Task details – The answer must be the full data, restated word for word, with no pictures in it.

Input records –

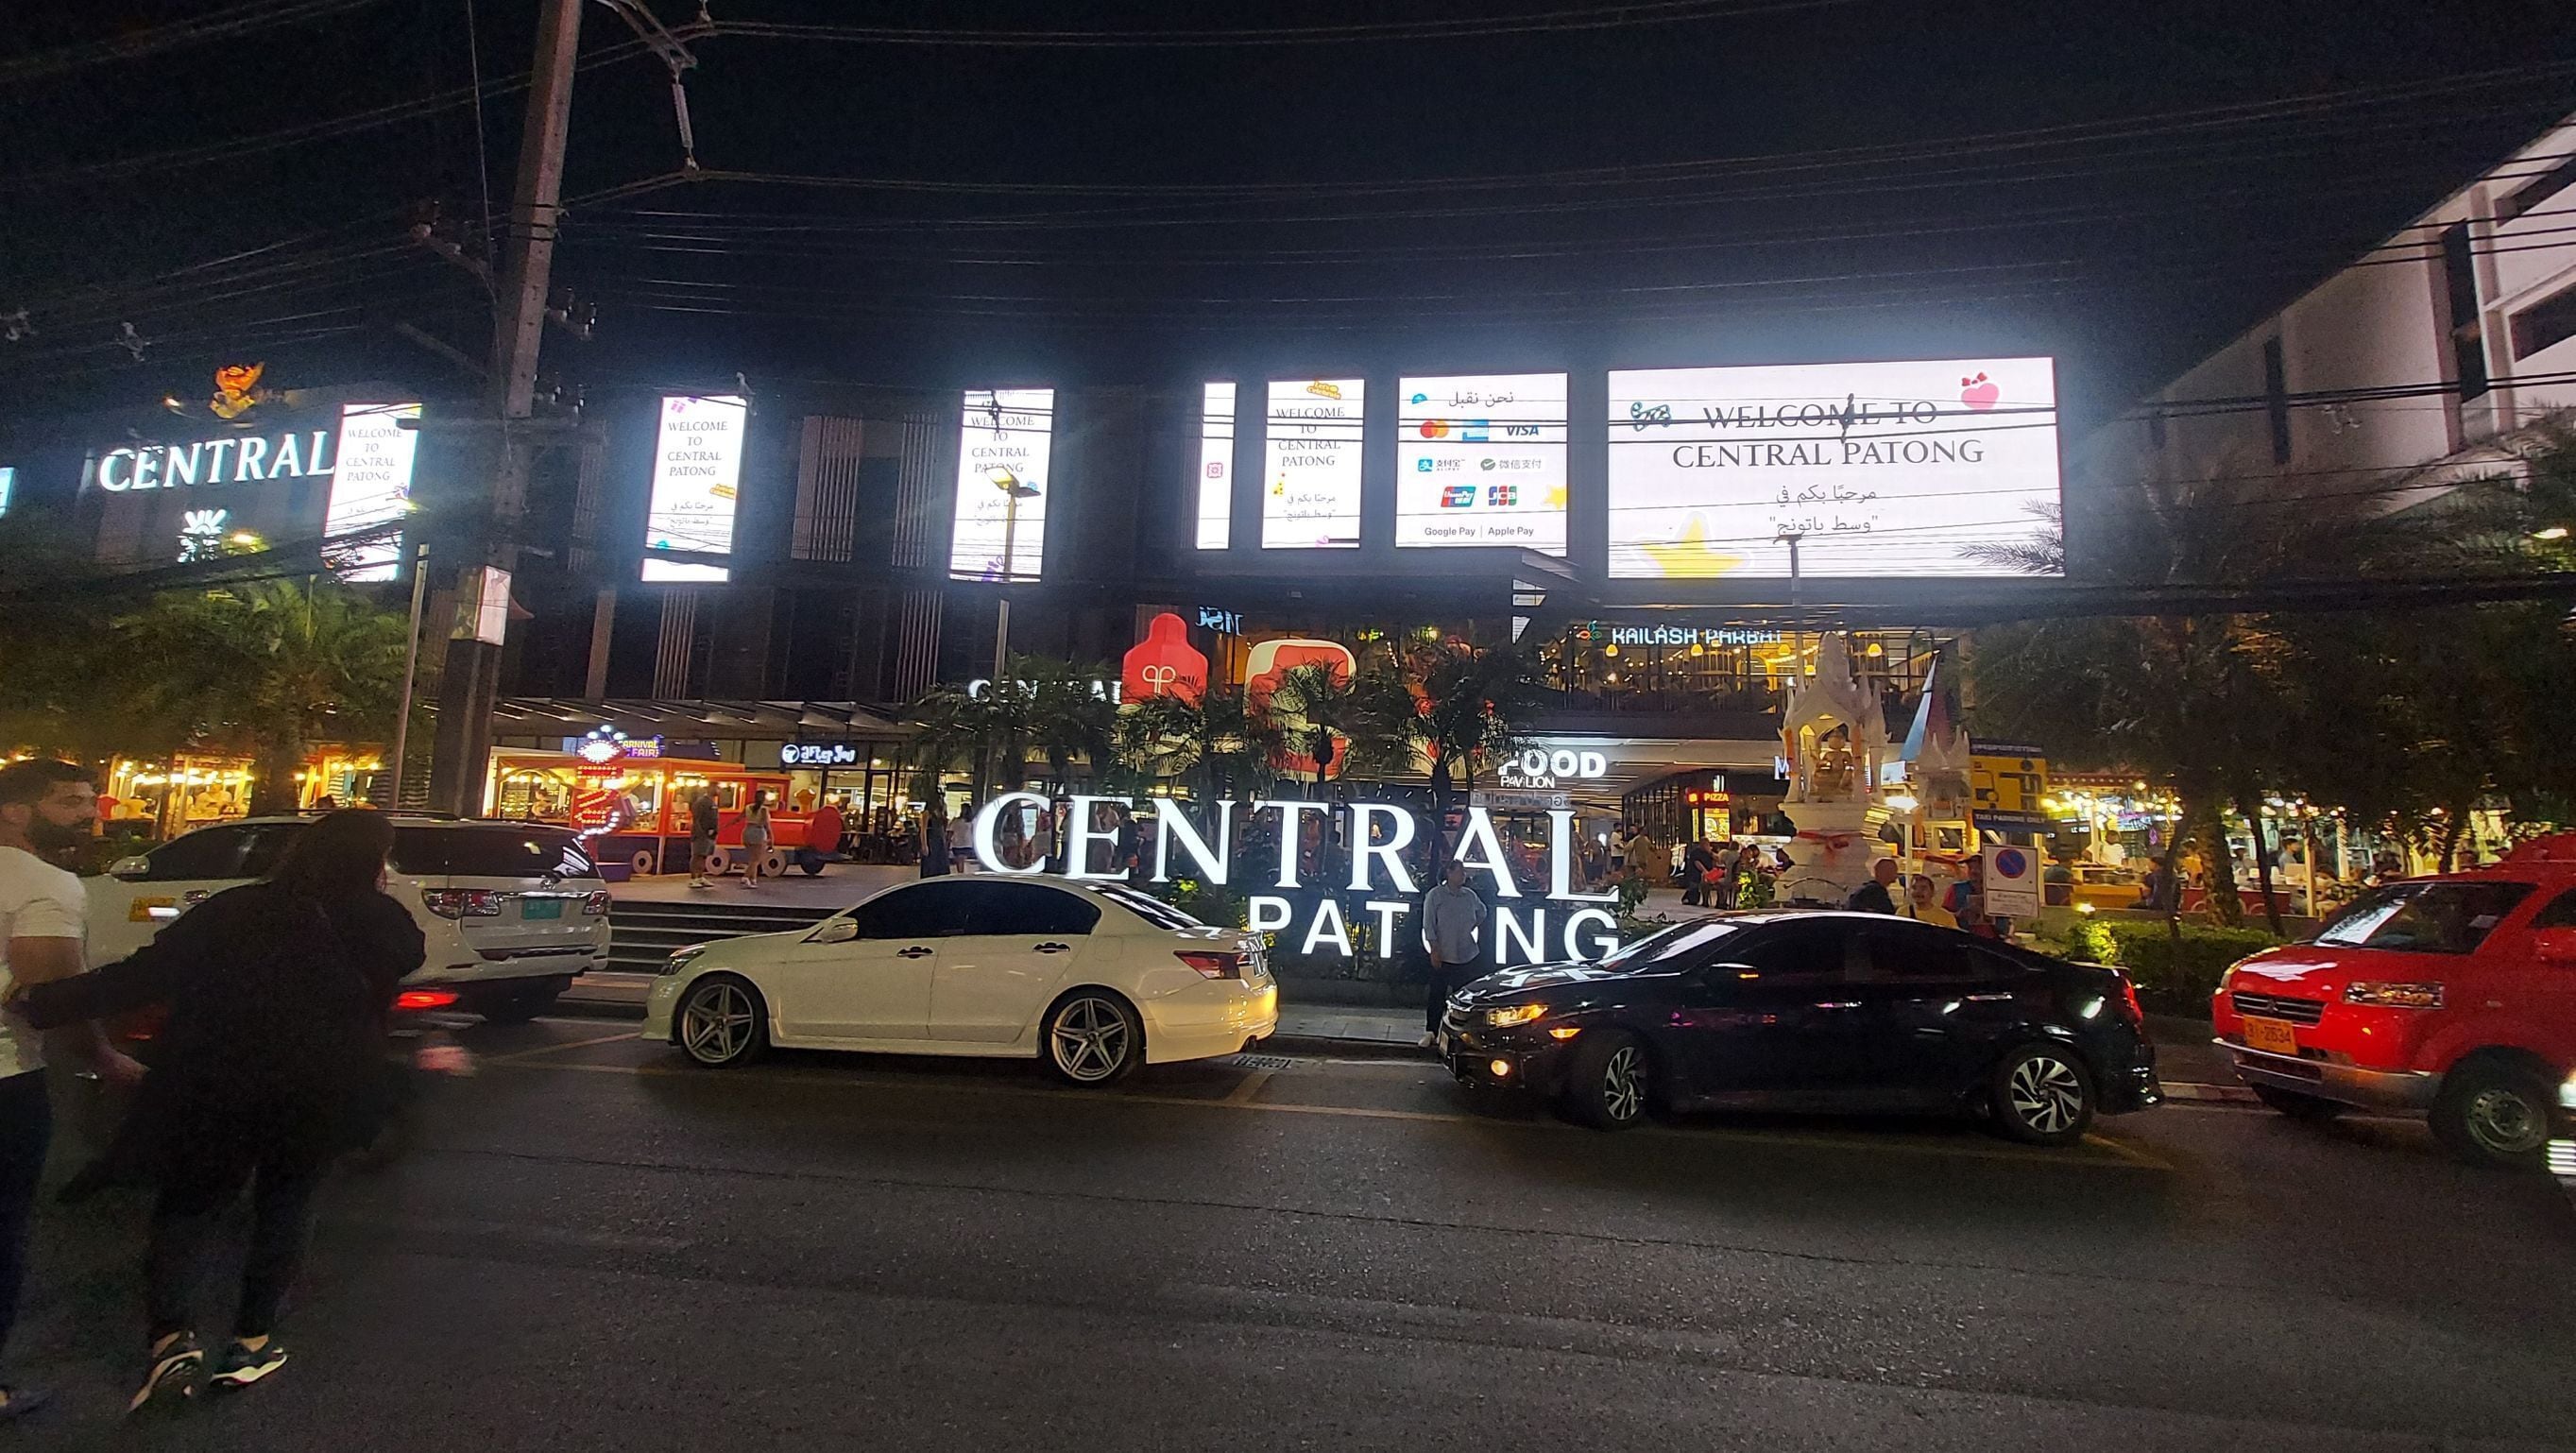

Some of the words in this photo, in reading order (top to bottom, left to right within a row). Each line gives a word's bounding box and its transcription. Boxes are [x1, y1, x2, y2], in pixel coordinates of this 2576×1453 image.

[1276, 406, 1345, 418] WELCOME
[1703, 402, 1881, 429] WELCOME
[1889, 401, 1937, 424] TO
[669, 420, 728, 431] WELCOME
[1506, 425, 1540, 436] VISA
[348, 429, 403, 438] WELCOME
[992, 431, 1008, 441] TO
[688, 436, 702, 446] TO
[1278, 439, 1340, 451] CENTRAL
[365, 443, 379, 453] TO
[971, 447, 1030, 457] CENTRAL
[1673, 442, 1833, 469] CENTRAL
[1842, 438, 1985, 466] PATONG
[99, 431, 335, 492] CENTRAL
[346, 457, 396, 467] CENTRAL
[667, 452, 722, 461] CENTRAL
[1282, 455, 1336, 467] PATONG
[1499, 459, 1542, 470] 微信支付
[347, 471, 390, 481] PATONG
[669, 467, 716, 476] PATONG
[1424, 527, 1457, 537] Google
[1459, 527, 1476, 537] Pay
[1488, 526, 1515, 536] Apple
[1517, 526, 1534, 536] Pay
[1612, 627, 1697, 645] KAILASH
[968, 679, 1122, 705] CNAL
[1500, 776, 1556, 789] PAVILION
[1703, 793, 1730, 802] PIZZA
[973, 792, 1619, 902] CENTRAL
[1248, 895, 1619, 965] PATNG

Output –
Some of the words in this photo, in reading order (top to bottom, left to right within a row). Each line gives a word's bounding box and its transcription. Boxes are [x1, y1, x2, y2], in pixel coordinates of this 2576×1453 image.

[1276, 406, 1345, 418] WELCOME
[1703, 402, 1881, 429] WELCOME
[1889, 401, 1937, 424] TO
[669, 420, 728, 431] WELCOME
[1506, 425, 1540, 436] VISA
[348, 429, 403, 438] WELCOME
[992, 431, 1008, 441] TO
[688, 436, 702, 446] TO
[1278, 439, 1340, 451] CENTRAL
[365, 443, 379, 453] TO
[971, 447, 1030, 457] CENTRAL
[1673, 442, 1833, 469] CENTRAL
[1842, 438, 1985, 466] PATONG
[99, 431, 335, 492] CENTRAL
[346, 457, 396, 467] CENTRAL
[667, 452, 722, 461] CENTRAL
[1282, 455, 1336, 467] PATONG
[1499, 459, 1542, 470] 微信支付
[347, 471, 390, 481] PATONG
[669, 467, 716, 476] PATONG
[1424, 527, 1457, 537] Google
[1459, 527, 1476, 537] Pay
[1488, 526, 1515, 536] Apple
[1517, 526, 1534, 536] Pay
[1612, 627, 1697, 645] KAILASH
[968, 679, 1122, 705] CNAL
[1500, 776, 1556, 789] PAVILION
[1703, 793, 1730, 802] PIZZA
[973, 792, 1619, 902] CENTRAL
[1248, 895, 1619, 965] PATNG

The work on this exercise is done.